Write for one person, not the whole app
The most common profile mistake is trying to appeal to everyone. Lines like "I love to laugh," "looking for my partner in crime," or "ask me anything" are technically true and completely interchangeable. They describe roughly half the people on any app. A relationship-minded reader skims them and feels nothing, because there is nothing specific to react to. Specificity is what creates a hook: a real detail gives someone a reason to message you about that thing instead of sending a generic "hey."
Compare these:
| Weak (generic) | Stronger (specific) |
|---|---|
| "I love food and travel." | "I will drive 40 minutes for a good dumpling and I am still mad about the one restaurant in Lisbon that closed before I got back." |
| "Looking for someone genuine." | "Looking for someone who texts back like a human and wants the same Sunday-morning, no-plans kind of relationship I do." |
| "Fluent in sarcasm." | "I keep a running list of bad movies I love unironically. Currently defending the third Jurassic Park to anyone who will listen." |
Notice the stronger versions aren't wittier so much as more falsifiable. They could only have been written by you, and that does most of the work.

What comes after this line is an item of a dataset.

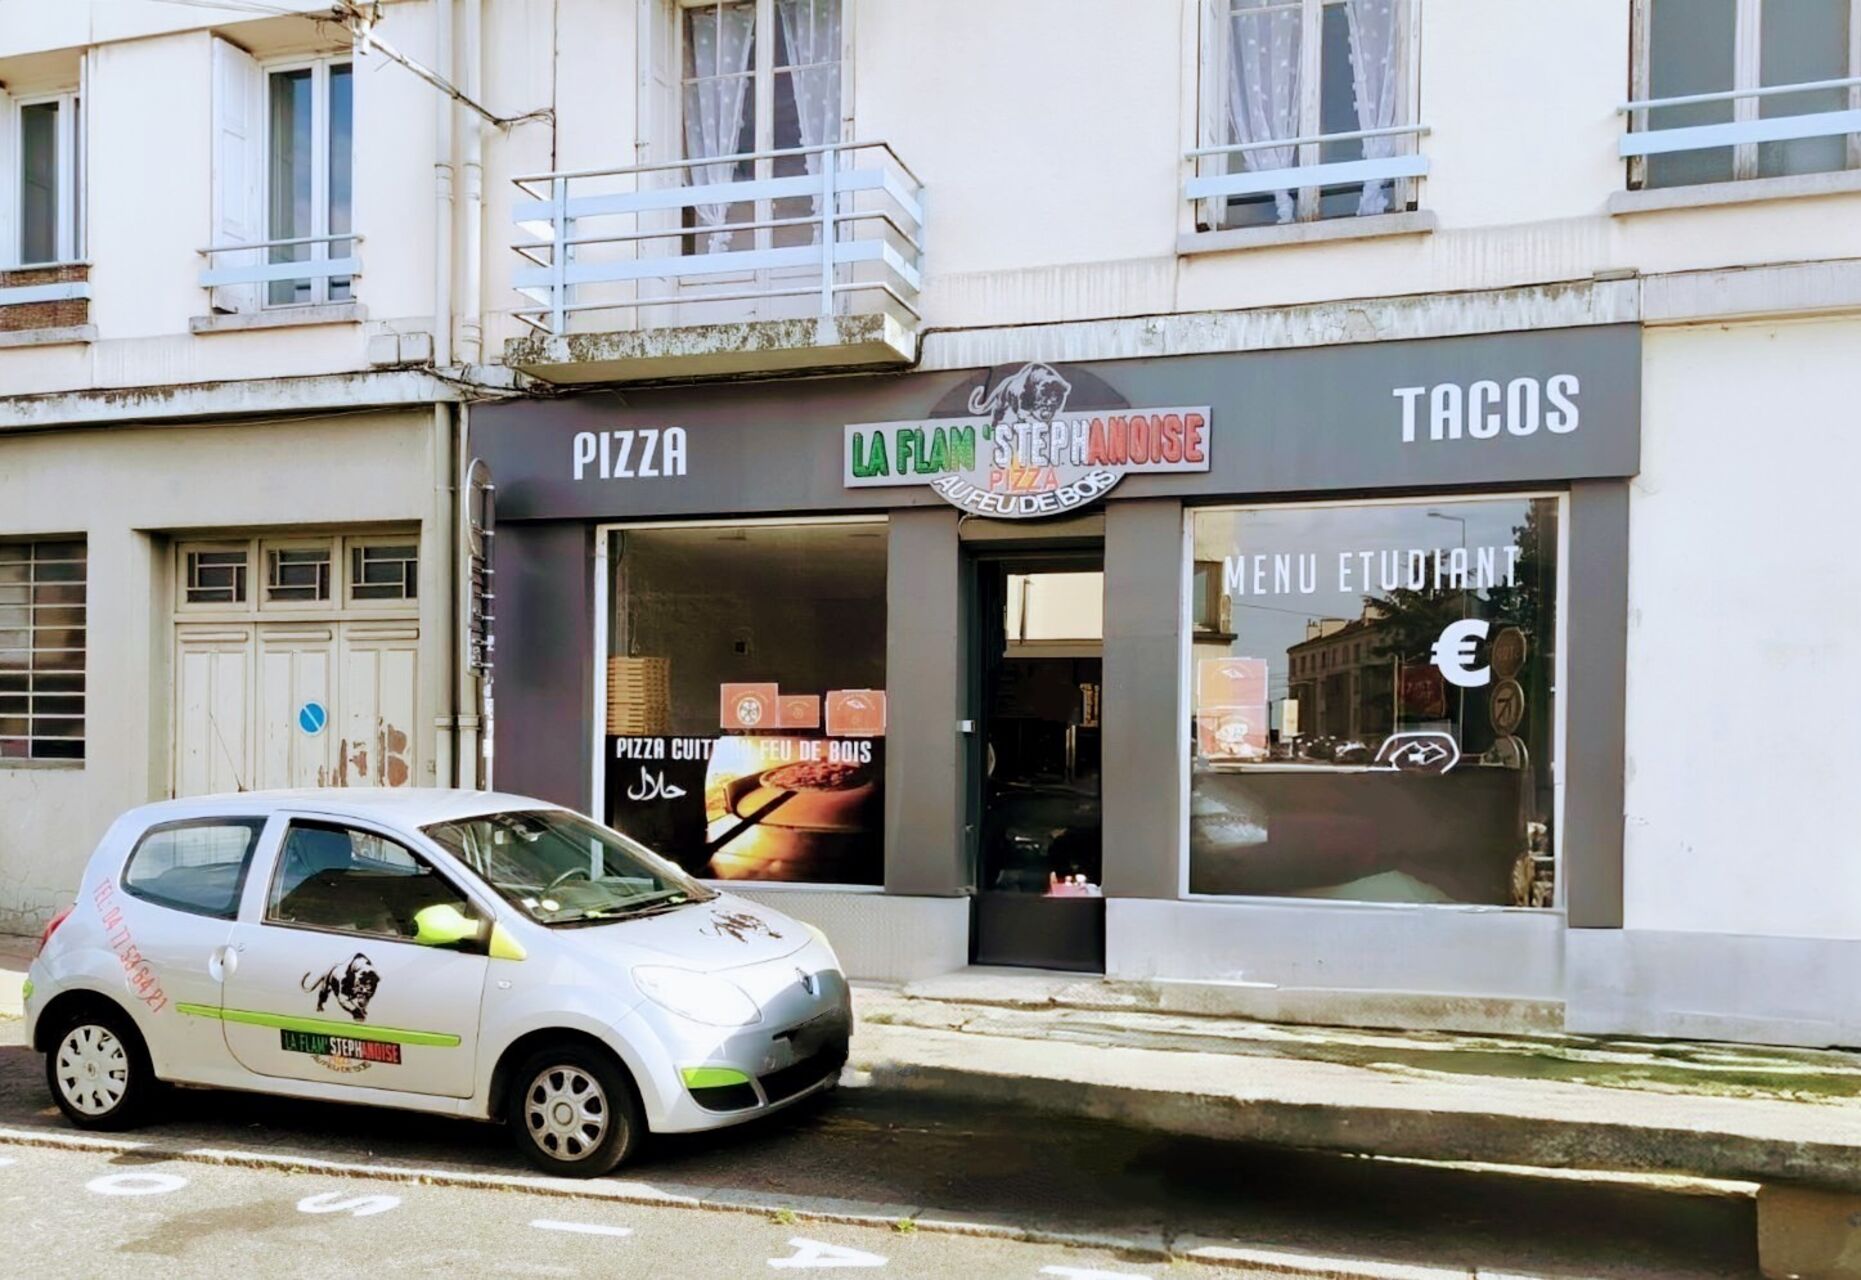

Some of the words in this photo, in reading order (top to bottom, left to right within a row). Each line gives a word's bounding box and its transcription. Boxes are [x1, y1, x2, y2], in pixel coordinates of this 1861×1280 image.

The bio: lead with detail, end with direction
A good bio has a simple shape. Open with one or two concrete details that show how you actually spend your time, add a line of warmth or humour, then close with where you're headed. Skip the resume of adjectives ("ambitious, kind, adventurous"), because adjectives are claims while details are evidence. Anyone can call themselves adventurous; "I solo-hiked a chunk of the Camino last spring and cried at a vending machine" proves it and is far more memorable.
Three quick rules that punch above their weight:
- Cut the negatives. "No drama, no players, swipe left if you're under 6ft" reads as bitter and tells people what you've been hurt by, not who you are. Lead with what you want, not what you're screening against.
- Avoid the disclaimer spiral. "Bad at these, my friend made me sign up" signals low investment. Relationship-minded daters read it as a soft warning.
- End with a small, answerable hook. A closing line the reader can respond to ("tell me your most controversial breakfast opinion") gives matches an easy on-ramp and lifts your reply rate.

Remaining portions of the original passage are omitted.